(Saved data entries)
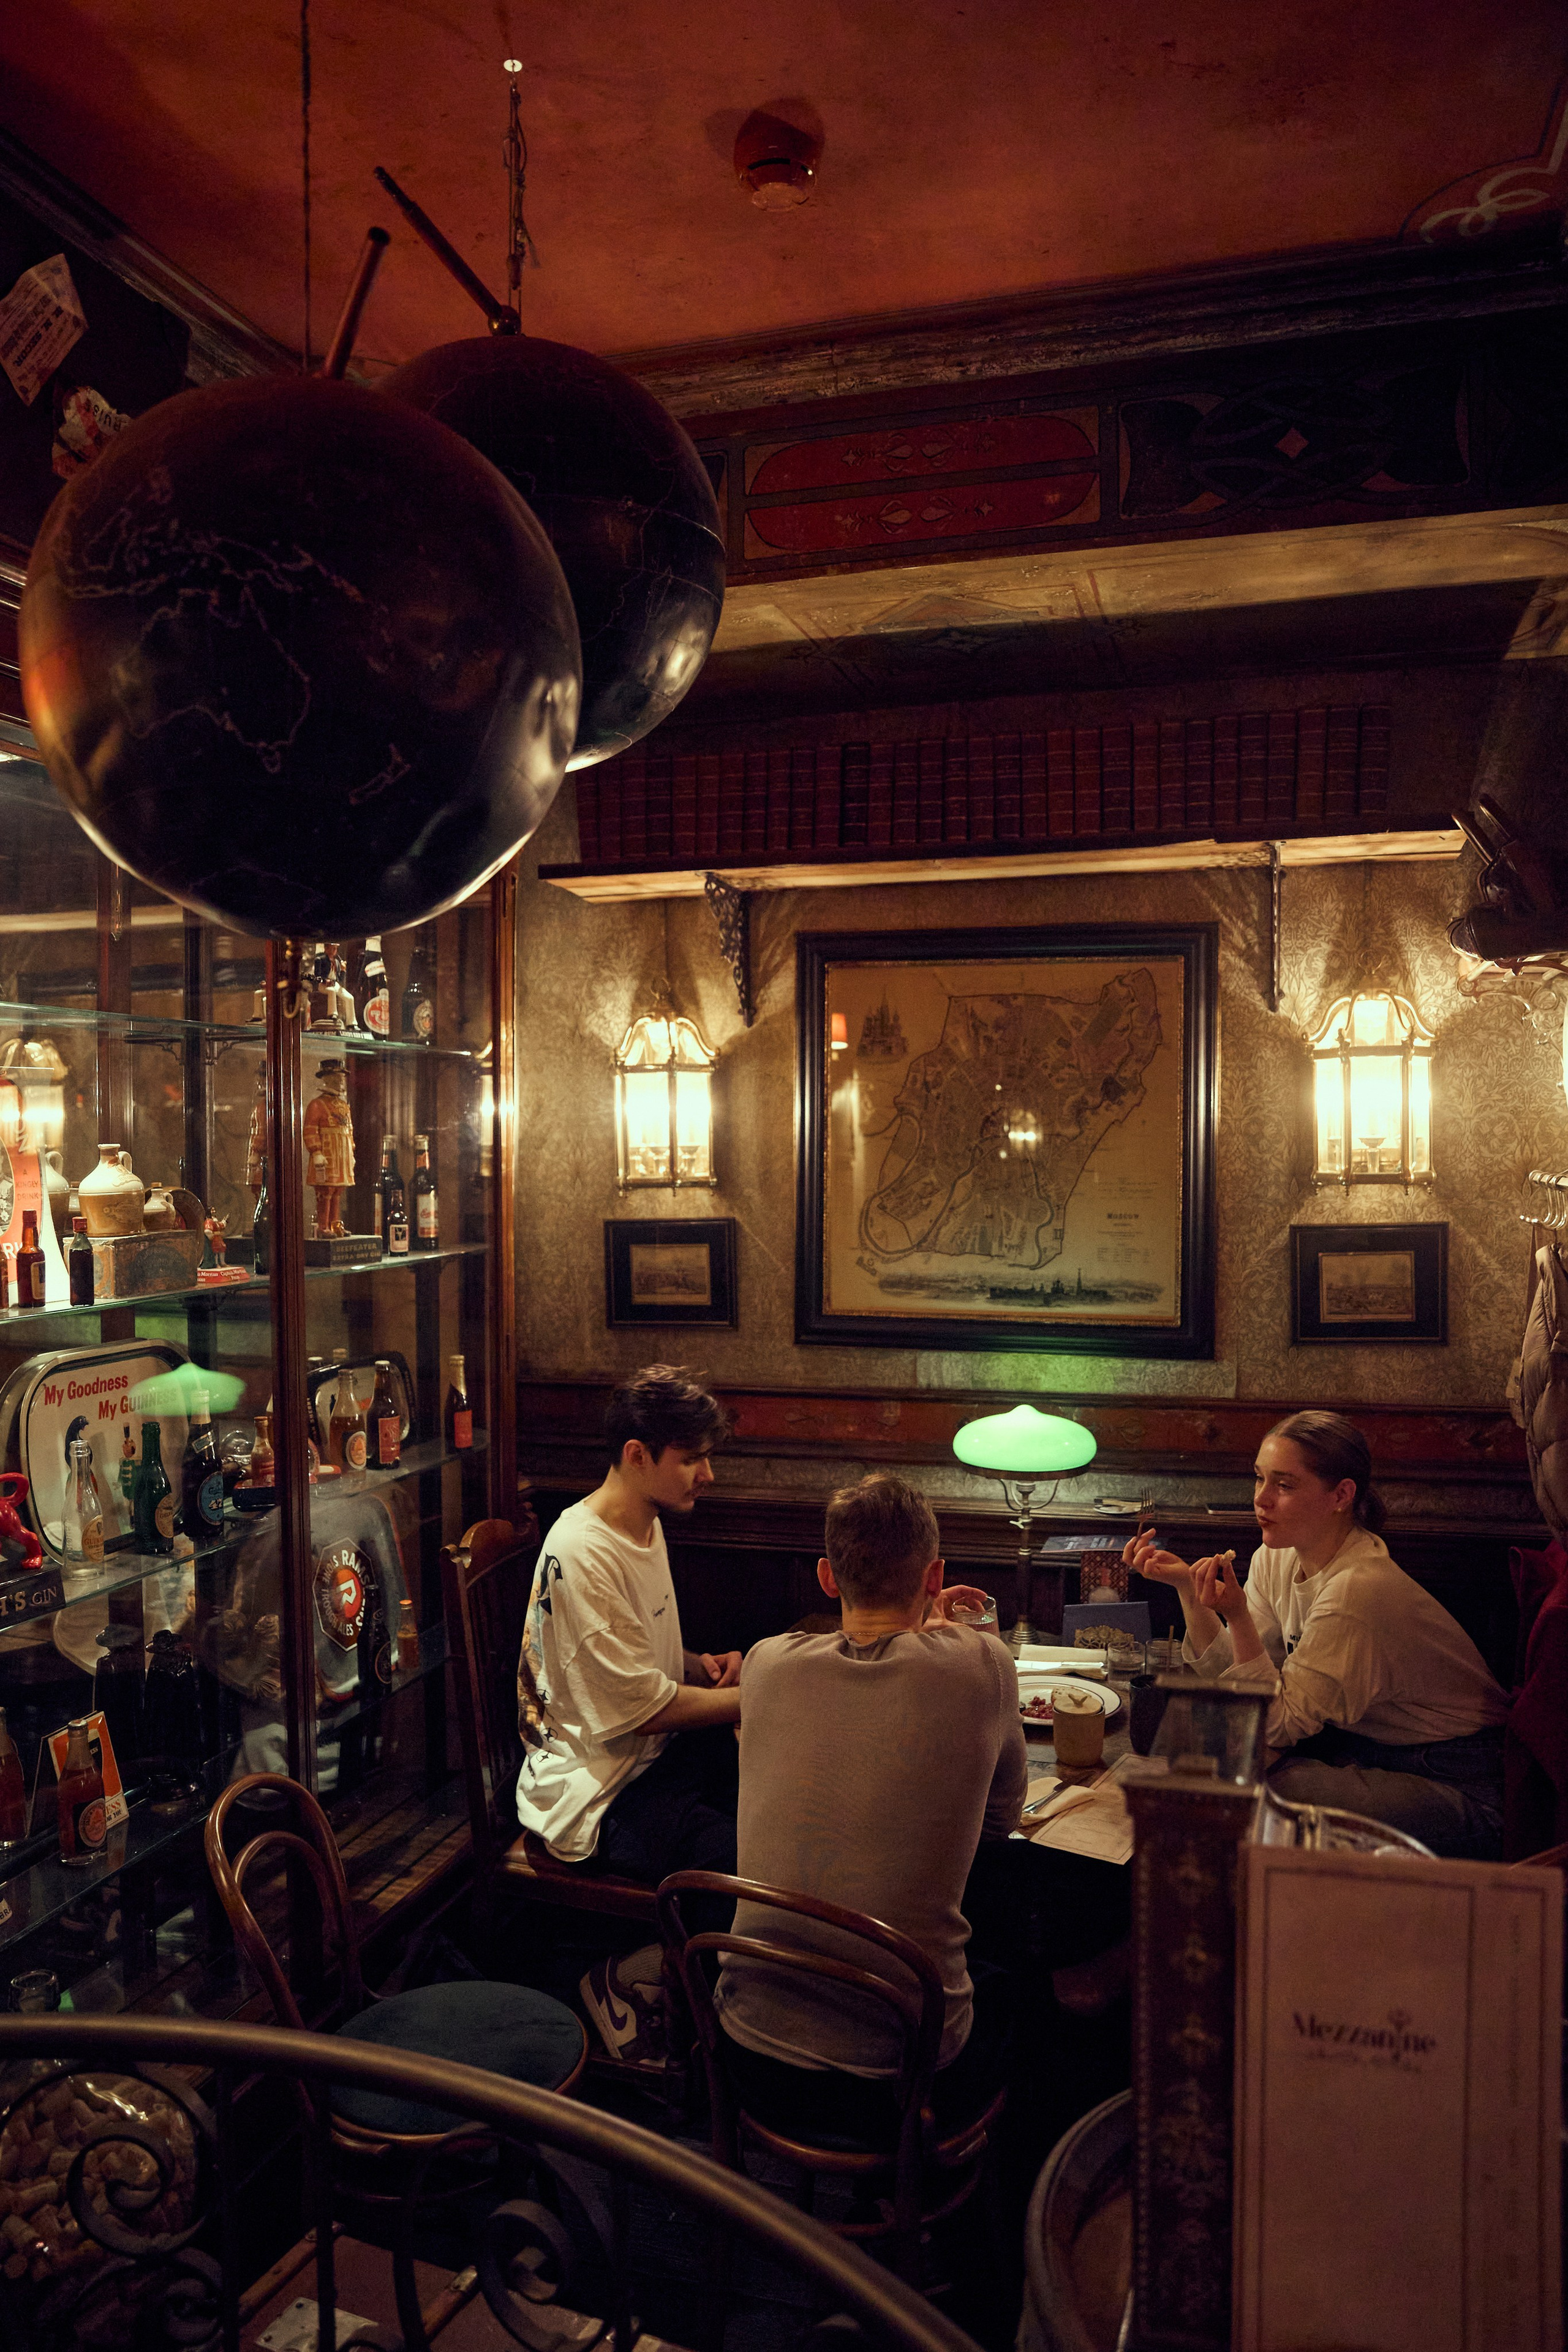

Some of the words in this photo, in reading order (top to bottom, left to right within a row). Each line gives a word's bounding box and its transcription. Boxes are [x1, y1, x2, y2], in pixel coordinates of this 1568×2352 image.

[336, 1243, 377, 1252] BEEFEATER
[45, 1385, 64, 1408] My
[67, 1375, 128, 1400] Goodness
[99, 1400, 117, 1420] My
[31, 1586, 58, 1605] GIN
[322, 1588, 339, 1629] TROUGH
[337, 1621, 354, 1637] ALES
[1292, 2011, 1437, 2054] Mezzanine

- _About this exercise_
Every line above is to be duplicated exactly; no picture should be carried over.

- _Solution for this problem_
Some of the words in this photo, in reading order (top to bottom, left to right within a row). Each line gives a word's bounding box and its transcription. Boxes are [x1, y1, x2, y2], in pixel coordinates of this 1568×2352 image.

[336, 1243, 377, 1252] BEEFEATER
[45, 1385, 64, 1408] My
[67, 1375, 128, 1400] Goodness
[99, 1400, 117, 1420] My
[31, 1586, 58, 1605] GIN
[322, 1588, 339, 1629] TROUGH
[337, 1621, 354, 1637] ALES
[1292, 2011, 1437, 2054] Mezzanine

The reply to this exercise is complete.